Newspaper reviews have presented him as a wallpaper designer, poet, 
Raphaelite painter, mediaevalist,  printer, and businessman. But if his 
politics get mentioned at all, he's referred to as a utopian or a 
champagne socialist. In other words, quite harmless to the ruling class. 
In fact, politicians have been queuing up to claim him for themselves.
 Tony Blair has named him in several interviews as a source of 
inspiration, claiming that he had read Morris's political writings avidly 
as a student. As far back as 1934 Prime Minister Stanley Baldwin had 
presented Morris as a Tory paternalist.
 Environment secretary John Selwyn Gummer is reported to be a Morris 
admirer, and is speaking at a conference on Morris in September. Other 
speakers include Roy Hattersley and Barbara Castle. Conference organiser 
Martin Arnold said: 'They can all claim a bit of him to authenticate 
their own political agenda. We are thinking of dropping a letter to Paddy 
Ashdown to see if he wants to put up someone"
 At the same time, the chairperson of the south Midlands William Morris 
Society claimed: "It has to be recognised that his ideas about going back 
to the middle ages and the importance of small guilds were totally 
impractical ..."

 Morris needs rescuing from these new admirers. Do they know what he 
thought about Parliament and parliamentarians?

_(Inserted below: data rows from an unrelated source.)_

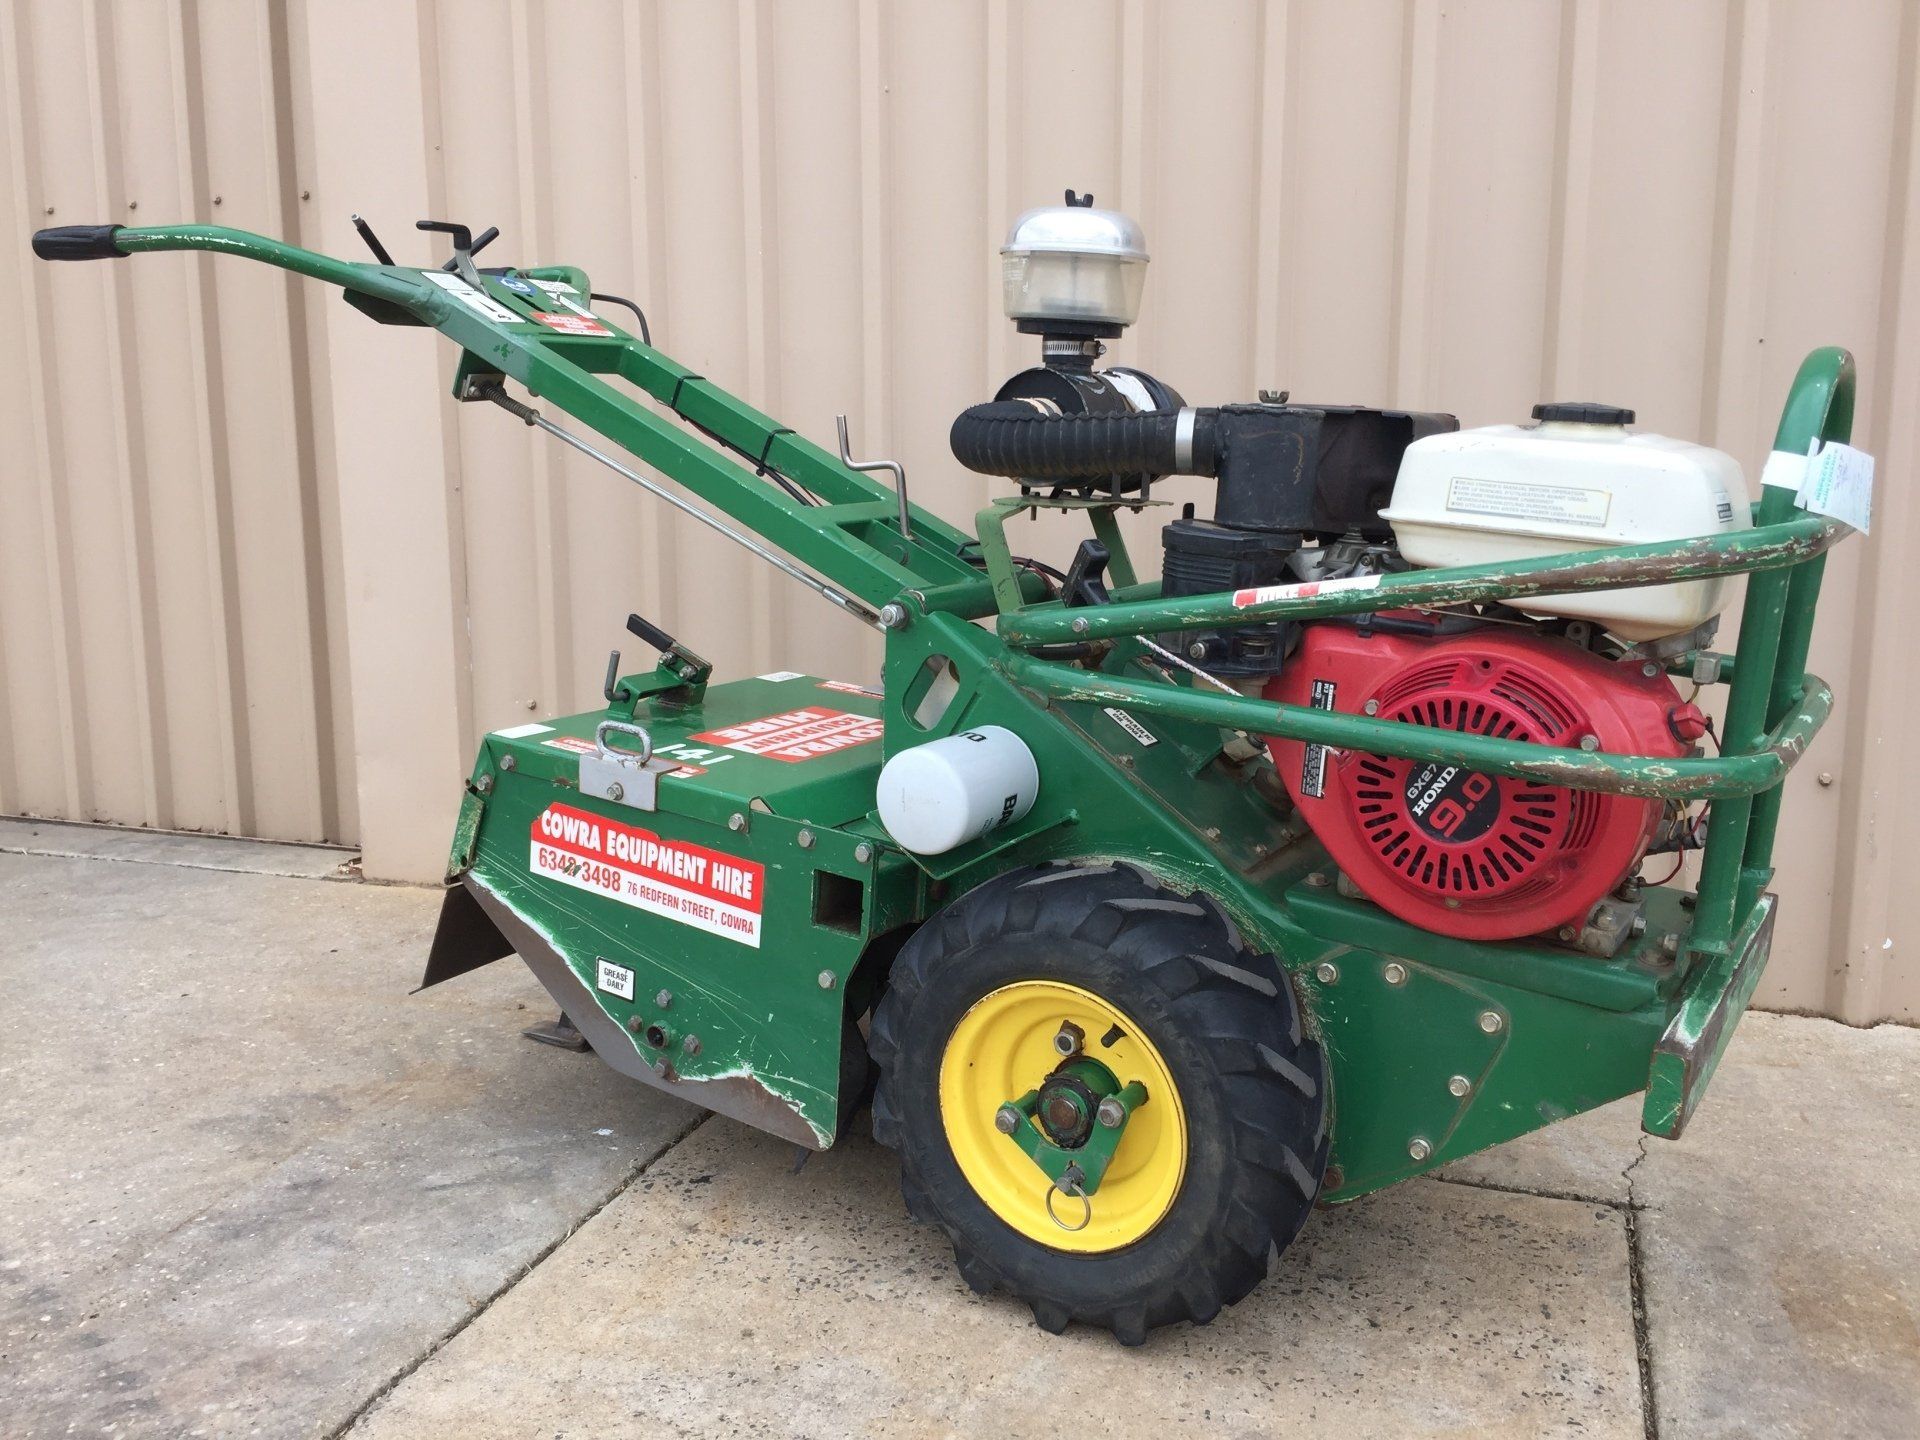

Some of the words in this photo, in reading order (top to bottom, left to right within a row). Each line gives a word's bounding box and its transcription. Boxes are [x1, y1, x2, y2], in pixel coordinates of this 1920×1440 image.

[712, 711, 826, 740] HIRE
[742, 717, 862, 750] EQUIPMENT
[1125, 723, 1144, 738] ONLY
[1412, 766, 1459, 816] HOND
[541, 809, 601, 852] COWRA
[606, 829, 707, 885] EQUIPMENT
[711, 861, 755, 900] HIRE
[627, 881, 638, 896] 76
[640, 885, 679, 910] REDFERN
[681, 899, 718, 925] STREET,
[720, 912, 754, 935] COWRA
[603, 967, 628, 983] GREASE
[606, 978, 625, 991] DAILY
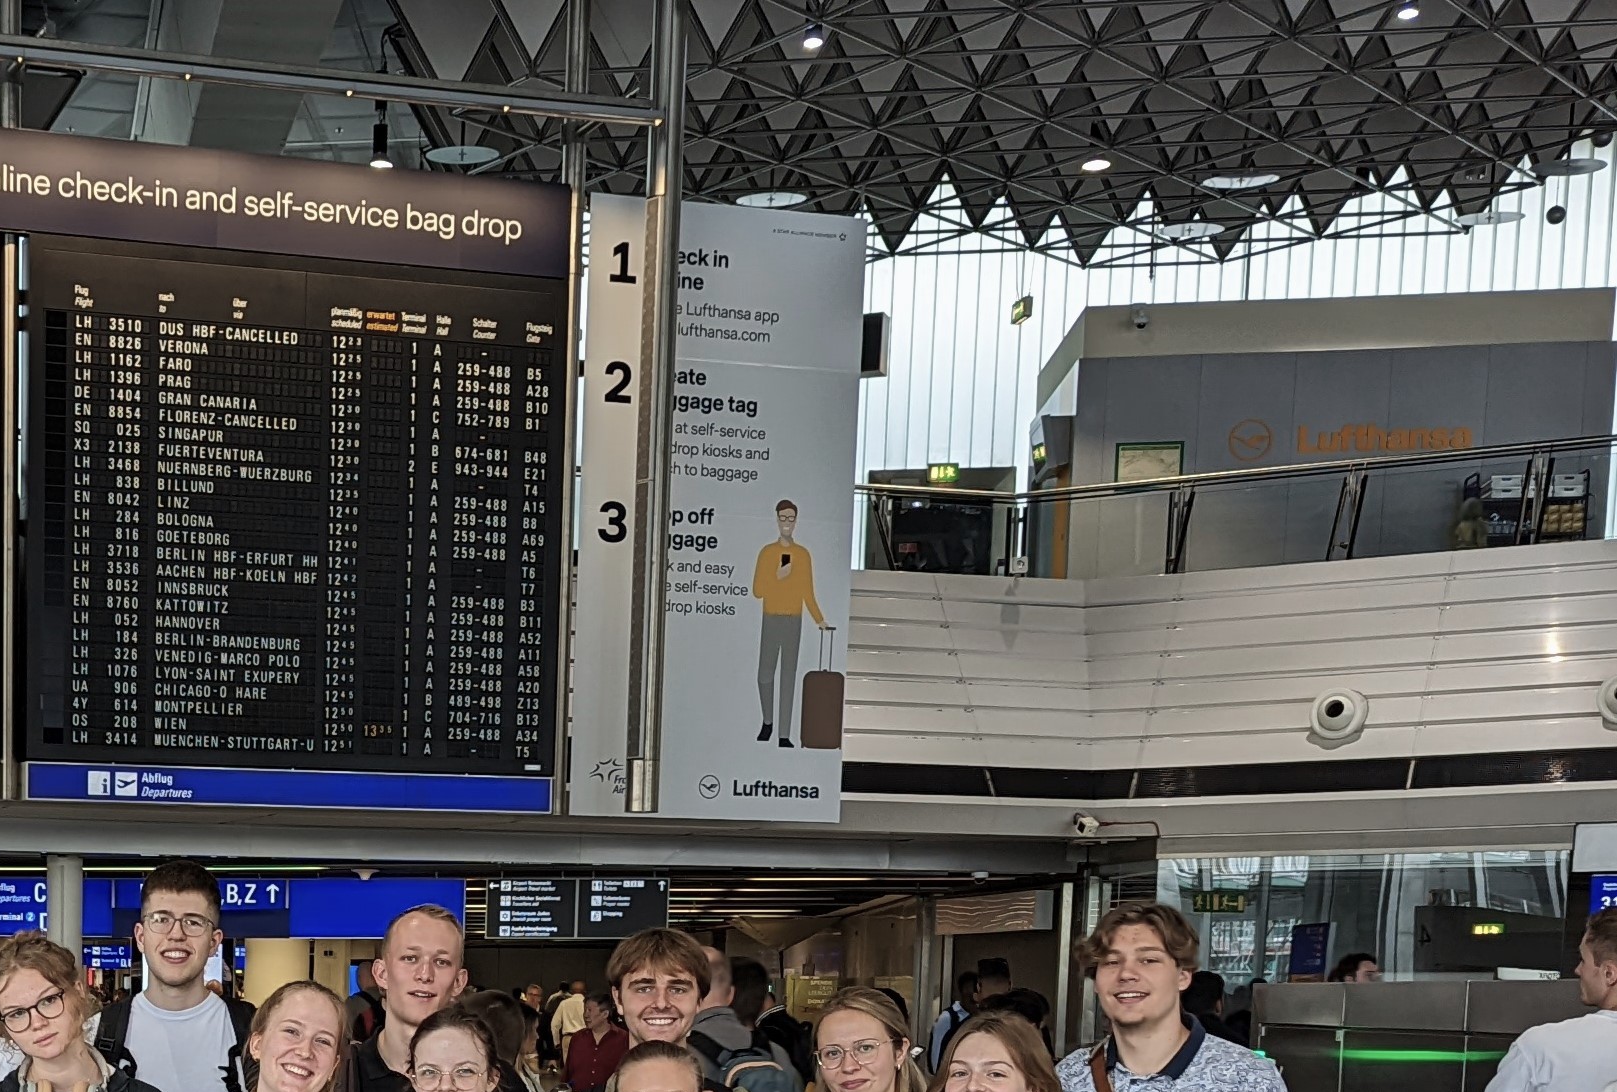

                          The real Morris speaks

 His views are most aptly expressed in News From Nowhere. This is a 
vision of a socialist future -- based on London -- and serialised in 
Commonwealth, weekly paper of the Socialist League. "Why, there are the 
Houses of Parliament! Do you still use them?" asks Morris.
 His companion from the future burst out laughing '...and [it] was 
sometime before he could control himself; then he clapped me on the back 
and said: 'I take you, neighbour; you may well wonder at our keeping them 
standing, and I know something about that, and my old kinsman has given 
me books to read about the strange game they played there. Use them! 
Well, yes, they are used for a sort of subsidiary market, and a storage 
place for manure..."
 As for Morris's ideas about going back to the middle ages -- which he 
certainly held as a young man under the influence of the writings of 
Thomas Carlyle -- this is what he had to say: 'Those with a false idea of 
the continuity of history are loathe to admit the fatal words, 'It cannot 
be, it has gone'. They believe that we can do the same sort of work in 
the same spirit as our forefathers, whereas for good and for evil we are 
completely changed, and we cannot do the work they did.
 'All 'continuity of history' means is, after all, perpetual change, and 
it is not hard to see that we have changed with a vengeance, and thereby 
established our claim to be the continuers of history." This is Morris 
the Marxist speaking, not to the Socialist League or on a Hammersmith 
street corner, but to the Society for the Protection of Ancient 
Buildings.


                        Champagne socialist or democratic centralist?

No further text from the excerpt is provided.